Unable to use Ember data with JSONAPI and fragments to support nested JSON data

Overview
I'm using Ember data and have a JSONAPI. Everything works fine until I have a more complex object (let's say an invoice for a generic concept) with an array of items called lineEntries. The line entries are not mapped directly to a table so need to be stored as raw JSON object data. The line entry model also contains default and computed values. I wish to store the list data as a JSON object and then when loaded back from the store that I can manipulate it as normal in Ember as an array of my model.
What I've tried
I've looked at and tried several approaches, the best appear to be (open to suggestions here!):
Fragments
Replace problem models with fragments
I've tried making the line entry model a fragment and then referencing the fragment on the invoice model as a fragmentArray. Line entries add to the array as normal but default values don't work (should they?). It creates the object and I can store it in the backend but when I return it, it fails with either a normalisation issue or a serialiser issue. Can anyone state the format the data be returned in? It's confusing as normalising the data seems to require JSONAPI but the fragment requires JSON serialiser. I've tried several combinations but no luck so far. My line entries don't have actual ids as the data is saved and loaded as a block. Is this an issue?
DS.EmbeddedRecordsMixin
Although not supported in JSONAPI, it sounds possible to use JSONAPI and then switch to JSONSerializer or RESTSerializer for the problem models. If this is possible could someone give me a working example and the JSON format that should be returned by the API? I have header authorisation and other such data so would I still be able to set this at the application level for all request not using my JSONAPI?

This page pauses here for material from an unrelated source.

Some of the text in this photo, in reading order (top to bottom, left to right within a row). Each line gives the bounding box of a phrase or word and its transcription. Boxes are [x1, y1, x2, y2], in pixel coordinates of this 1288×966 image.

Ember-data-save-relationships
I found an add on here that provides an add on to do this. It seems more involved than the other approaches but when I've tried this I can send the data up by setting a the data as embedded. Great! But although it saves it doesn't unwrap it correct and I'm back with the same issues.
Custom serialiser
Replace the models serialiser with something that takes the data and sends it as plain JSON data and then deserialises back into something Ember can use. This sounds similar to the above but I do the heavy lifting. The only reason to do this is because all examples for the above solutions are quite light and don't really show how to set this up with an actual JSONAPI set up that would need it.
Where I am and what I need
Basically all approaches lead to saving the JSON fine but the return JSON from the server not being the correct format or the deserialisation failing but it's unclear what it should be or what needs to change without breaking the existing JSONAPI models that work fine.

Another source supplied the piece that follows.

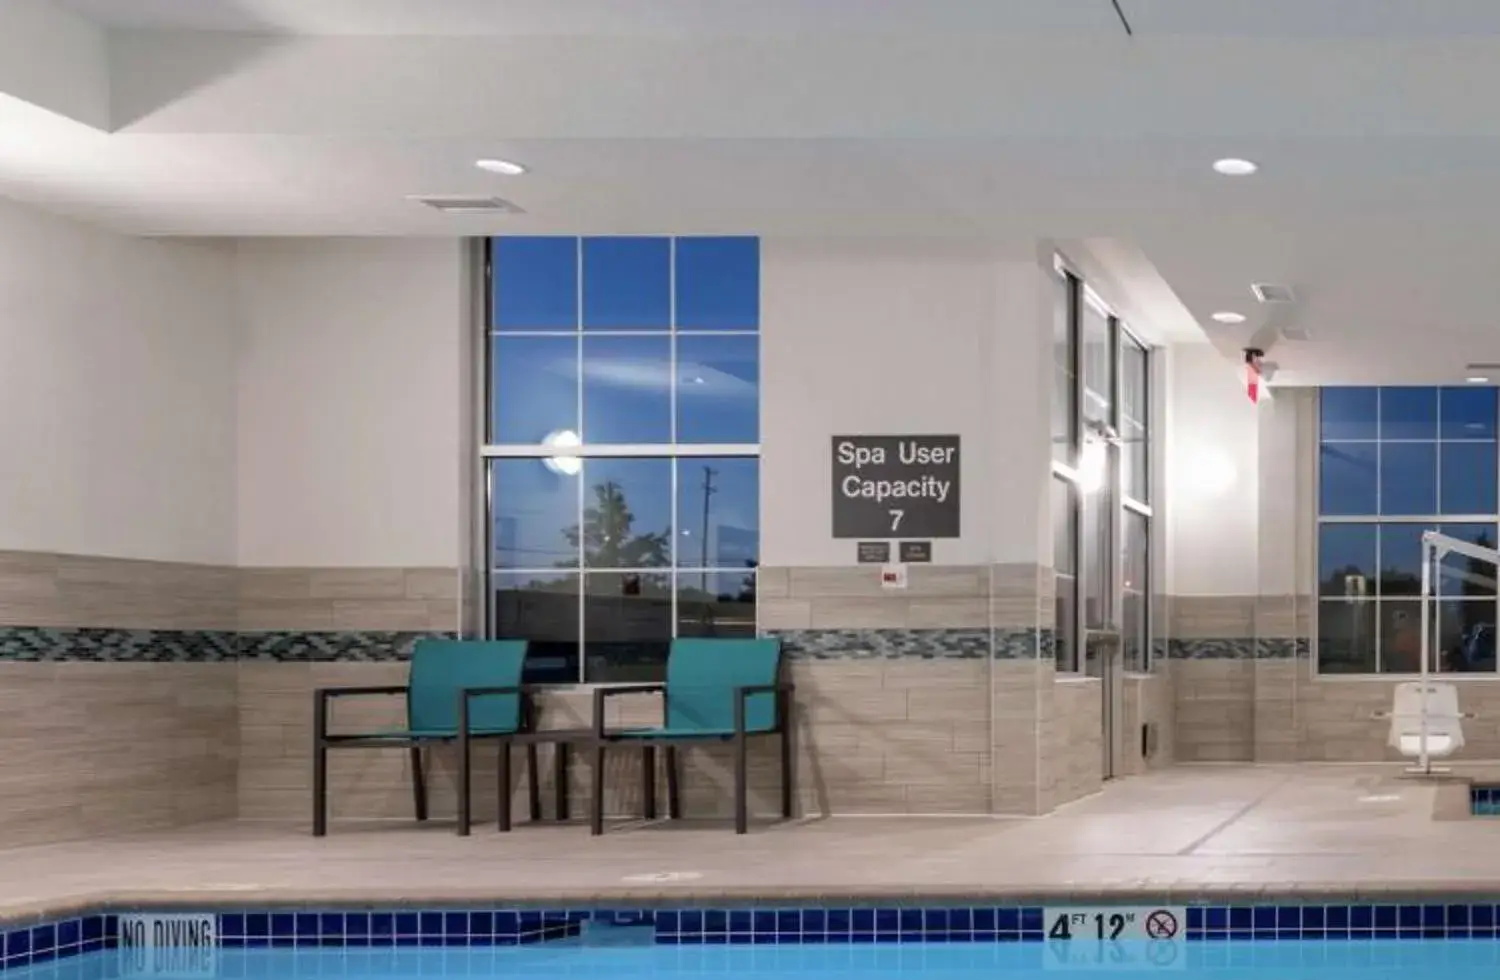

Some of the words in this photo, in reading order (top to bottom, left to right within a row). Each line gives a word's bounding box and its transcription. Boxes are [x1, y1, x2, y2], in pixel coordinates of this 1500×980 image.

[838, 441, 885, 469] Spa
[898, 441, 955, 464] User
[842, 475, 950, 502] Capacity
[888, 509, 904, 531] 7

If anyone know the format for return API data it may resolve this. I've tried JSONAPI with lineEntries returning the same format as it saved. I've tried placing relationship sections like the add on suggested and I've also tried placing relationship only data against the entries and an include section with all the references. Any help on this would be great as I've learned a lot through this but deadlines a looming and I can't see a viable solution that doesn't break as much as it fixes.
If you are looking for return format for relational data from the API server you need to make sure of the following:
Make sure the relationship is defined in the ember model
Return all successes with a status code of 200
From there you need to make sure you return relational data correctly. If you've set the ember model for the relationship to {async: true} you need only return the id of the relational model - which should also be defined in ember. If you do not set {async: true}, ember expects all relational data to be included.
return data with relationships in JSON API specification
Example:
models\unicorn.js in ember:
import DS from 'ember-data';
export default DS.Model.extend({
user: DS.belongsTo('user', {async: true}),
staticrace: DS.belongsTo('staticrace',{async: true}),
unicornName: DS.attr('string'),
unicornLevel: DS.attr('number'),
experience: DS.attr('number'),
hatchesAt: DS.attr('number'),
isHatched: DS.attr('boolean'),
raceEndsAt: DS.attr('number'),
isRacing: DS.attr('boolean'),
});
in routes\unicorns.js on the api server on GET/:id:
var jsonObject = {
"data": {
"type": "unicorn",
"id": unicorn.dataValues.id,
"attributes": {
"unicorn-name" : unicorn.dataValues.unicornName,
"unicorn-level" : unicorn.dataValues.unicornLevel,
"experience" : unicorn.dataValues.experience,
"hatches-at" : unicorn.dataValues.hatchesAt,
"is-hatched" : unicorn.dataValues.isHatched,
"raceEndsAt" : unicorn.dataValues.raceEndsAt,
"isRacing" : unicorn.dataValues.isRacing
},
"relationships": {
"staticrace": {
"data": {"type": "staticrace", "id" : unicorn.dataValues.staticRaceId}
},
"user":{
"data": {"type": "user", "id" : unicorn.dataValues.userId}
}
}
}
}
res.status(200).json(jsonObject);
In ember, you can call this by chaining model functions. For example when this unicorn goes to race in controllers\unicornracer.js:
raceUnicorn() {
if (this.get('unicornId') === '') {return false}
else {
return this.store.findRecord('unicorn', this.get('unicornId', { backgroundReload: false})).then(unicorn => {
return this.store.findRecord('staticrace', this.get('raceId')).then(staticrace => {
if (unicorn.getProperties('unicornLevel').unicornLevel >= staticrace.getProperties('raceMinimumLevel').raceMinimumLevel) {
unicorn.set('isRacing', true);
unicorn.set('staticrace', staticrace);
unicorn.set('raceEndsAt', Math.floor(Date.now()/1000) + staticrace.get('duration'))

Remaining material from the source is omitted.